MPP Gilles Bisson said it is a “travesty” that a bill that will have widespread impact on health care is pushed through with little opportunity for input from the public or people who work in the industry.

“This government ran without a platform,” said Bisson. “At no time did they tell anybody in Ontario they were planning to make a major overhaul of the health-care system which includes losing local control to larger entities, whatever they may be, and privatization.

“The very least this government should have done to respect this thing we call democracy. They should have sent that bill on the road for two or three weeks. It should have been in Dryden, it should have been in Thunder Bay, in Timmins and Cornwall, and different places, so that the public and those who work in our health-care system, those who understand the system, from the hospitals to the home services to long-term care could have gone and said, ‘Here’s what you got right, here’s what you got wrong,’ and at least if they’re going to do a reform of the health-care system, you do it knowing what the pitfalls are … at least try to make it work.

“We had two days of hearings at Queen’s Park. Who from Timmins went there? Who from Sudbury? Who from Thunder Bay? Northern Ontario didn’t have anybody down at those public hearings other than the committee members like France Gélinas (NDP MPP for Nickel Belt) and Sol Mamakwa (NDP MPP for Kiiwetinoong).

“But the public was not consulted … and for them to short shrift the public and not give us an access to talking about what they’re going to do with your tax dollars and my tax dollars is wrong.

“We’re about to pass a bill next week, or the week after, and put it into law where the public has been completely shut out of the process and I think that’s the biggest travesty of all, because this is the reform of our health-care system.”
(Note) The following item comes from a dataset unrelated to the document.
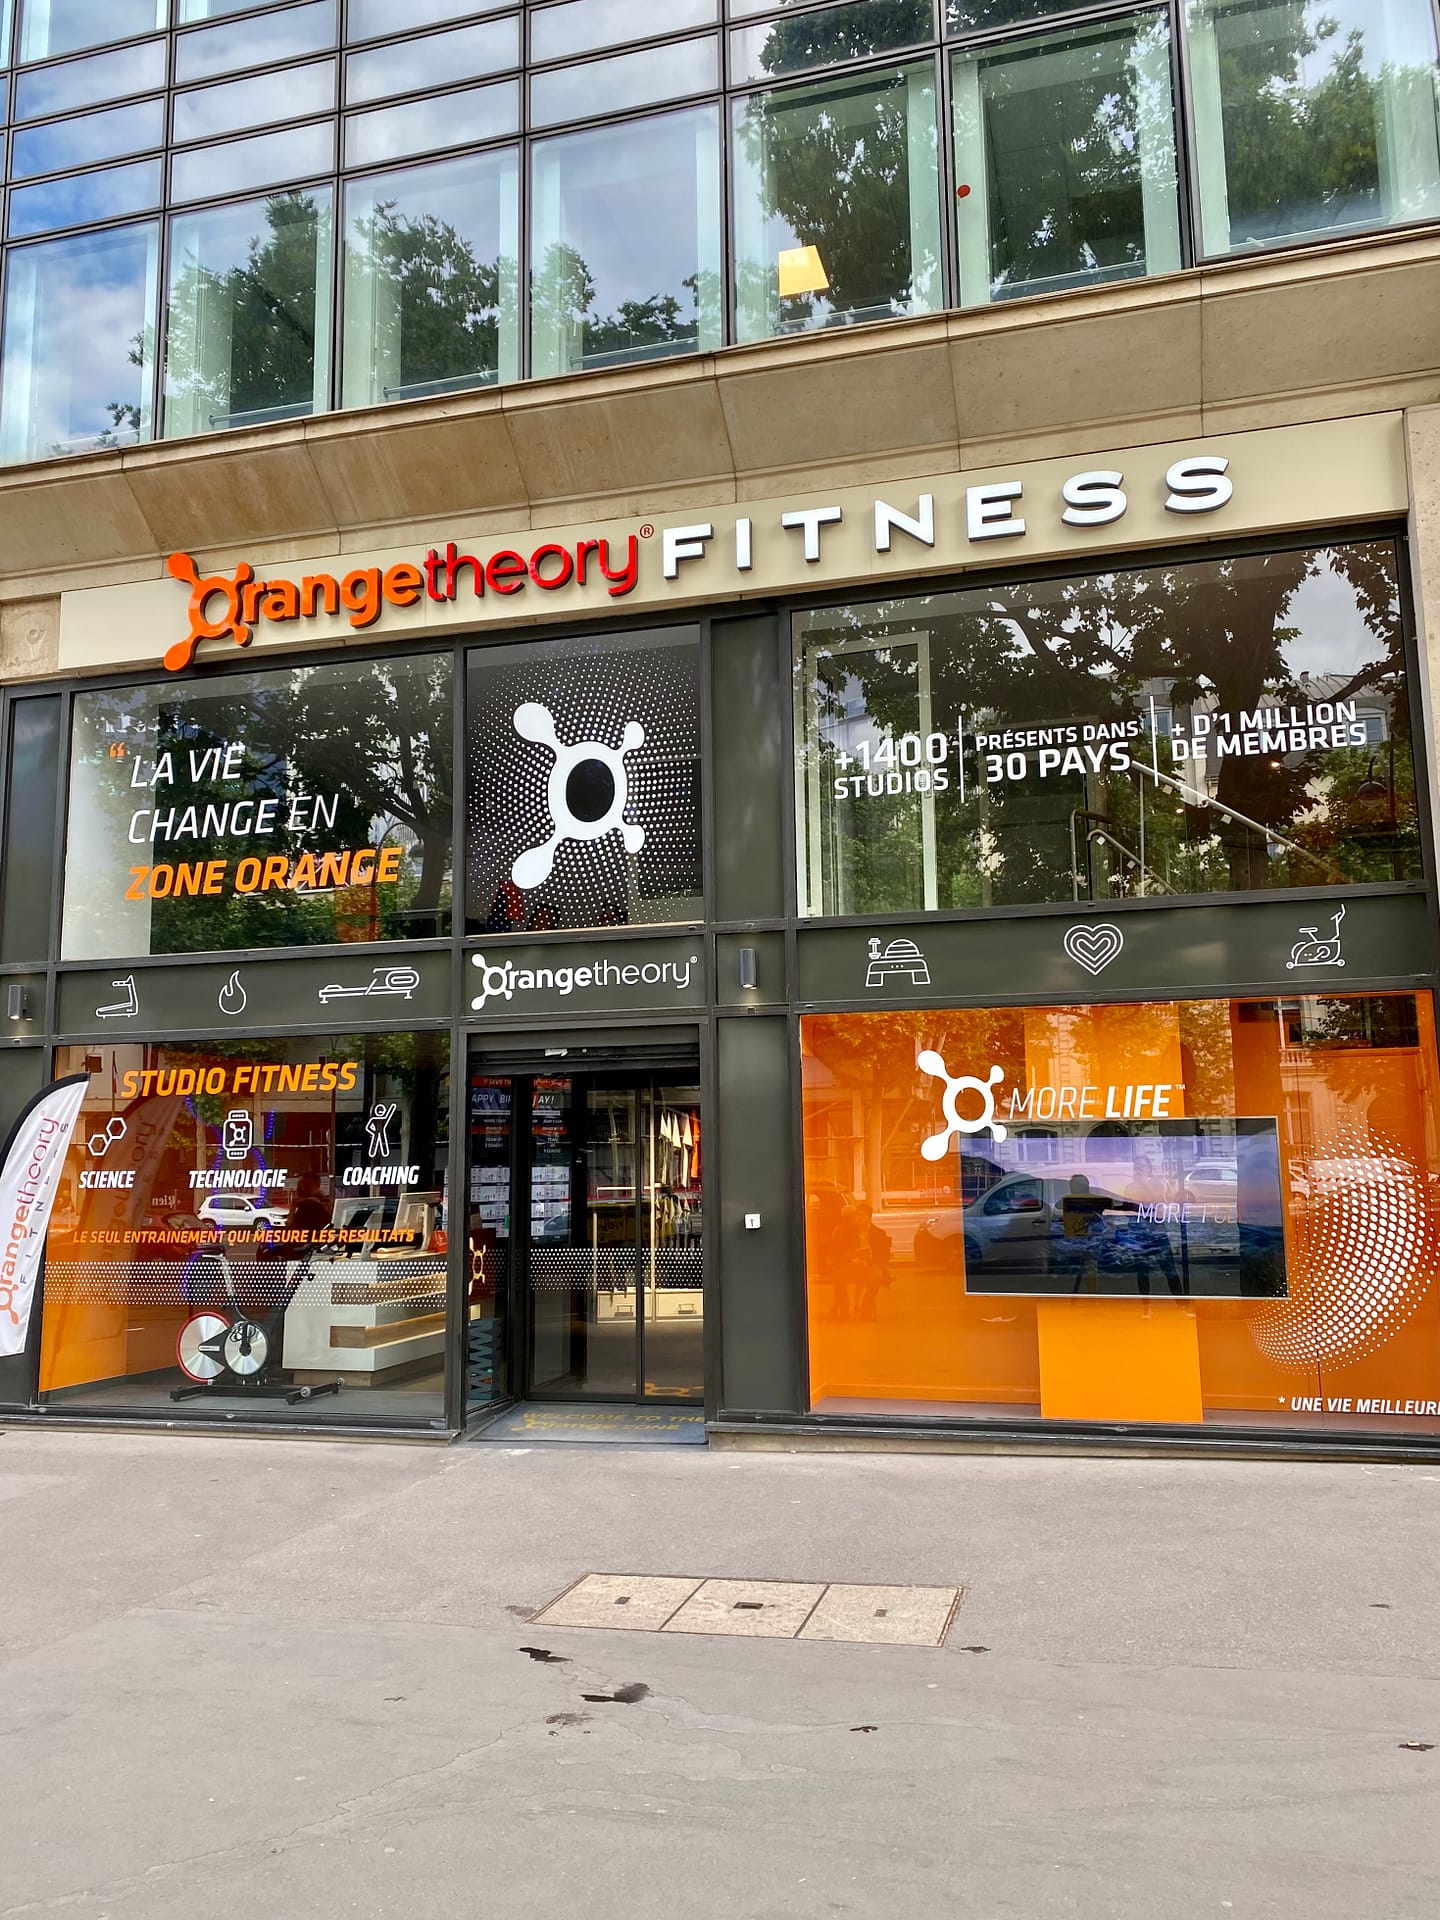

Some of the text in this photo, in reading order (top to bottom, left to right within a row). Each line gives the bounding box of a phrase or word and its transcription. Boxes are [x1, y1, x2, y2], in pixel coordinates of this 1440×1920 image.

Several of those who attended shared horror stories of privatization in the United States, where patients would receive medical bills or estimates for services in the hundreds of thousands of dollars.

Others expressed concerns that the government’s plan to replace local health integration networks with massive “super agencies” will place the focus on large urban centres and erode services at hospitals in smaller communities.

Karen Campbell, a cancer survivor from Iroquois Falls, said she has already experienced issues with local hospitals in short supplies of medical equipment and services when she was undergoing treatment.

“When you’re in Sudbury at the cancer lodge, it’s a non-stop turnover of people coming in there, so I would hate to see any services lost that could help diagnose people with cancer,” she said.